Dry eye is a disorder characterized by the inability to produce the right quantity and quality of tears necessary to sufficiently lubricate the eye. In a normally functioning eye, tears moisturize the cornea and protect it from foreign particles, but insufficient lubrication can lead to eye infection, pain and vision impairment.
Gender has a significant impact on the risk of dry eye, as women are at higher risk than men. According to the National Women’s Health Resource Center, approximately 6 million women have moderate to severe symptoms of dry eye syndrome, as compared to 3 million men.
Dry Eye Symptoms
Common symptoms of dry eye include stinging, burning, redness, pain and scratchiness.
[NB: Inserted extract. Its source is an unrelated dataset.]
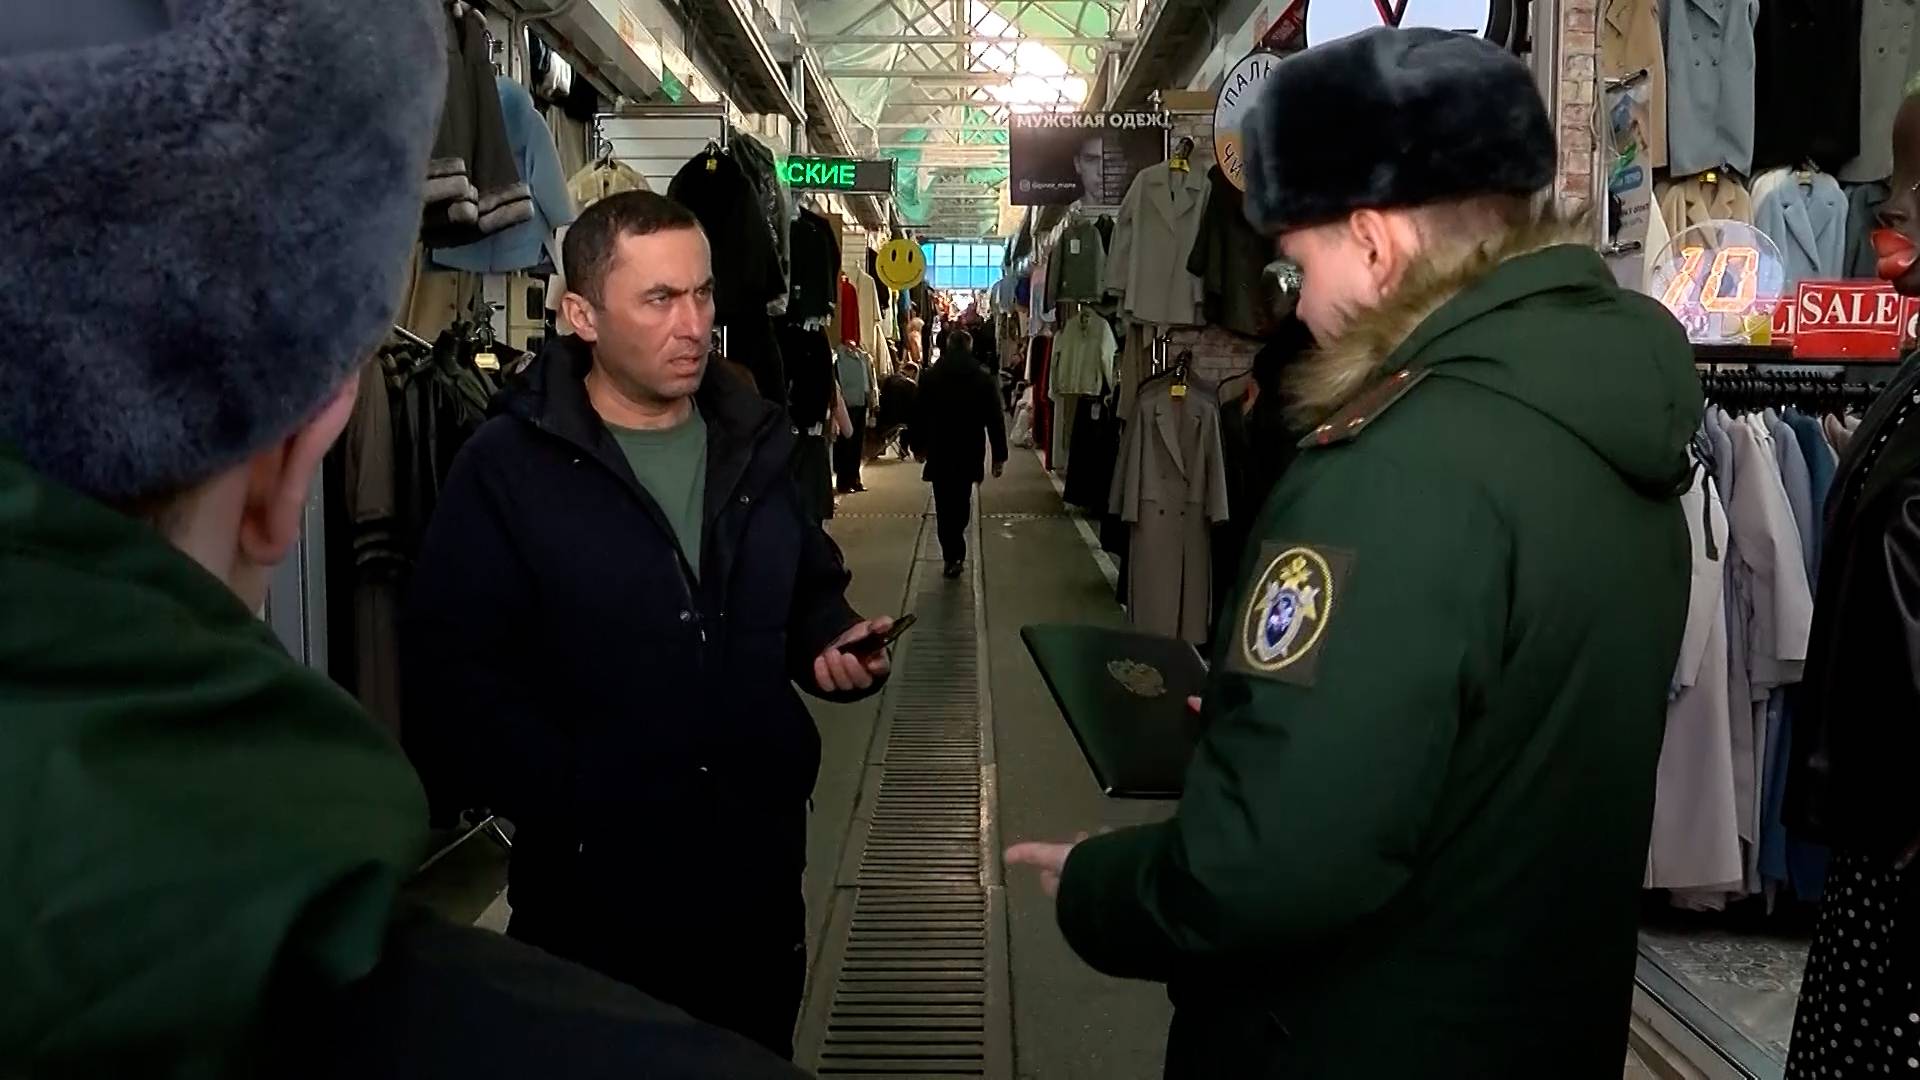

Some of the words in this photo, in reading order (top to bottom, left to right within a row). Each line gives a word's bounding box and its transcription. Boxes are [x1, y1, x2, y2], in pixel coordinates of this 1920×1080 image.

[1017, 113, 1105, 128] МУЖСКАЯ
[776, 161, 856, 186] СКИЕ
[1801, 291, 1899, 325] SALE
It can cause alternating periods of excess tearing and excessive dryness, blurred vision, or the sensation that the eyelids feel heavy.
Why Women Experience Dry Eye More Than Men
Hormonal fluctuations, especially in estrogen, are responsible for higher prevalence of dry eye in females. These changes are more extreme during pregnancy, menstruation and menopause, when levels of estrogen and progesterone taper off.
Other Risk Factors
Besides gender, other factors which may influence dry eye include refractive surgery such as LASIK, contact lenses, eye allergies, and inflammatory disorders like rheumatoid arthritis (Prevent Blindness). Additionally, medications like antihistamines, decongestants, antidepressants, birth control pills, anxiety medication, hypertension medication and hormone replacement therapy have been linked to dry eye.
What You can Do
Many people who suffer from dry eye just try to manage their symptoms with rewetting drops. However, it is important to see an ophthalmologist for a comprehensive eye exam. When you see the doctor, you can discuss your dry eye symptoms and evaluate various treatment options including dietary changes, vitamins, punctal plugs or medicated eye drops. The ophthalmologist may suggest that you talk with your primary care physician about your medications. One or more of your prescriptions could be making your dry eye worse.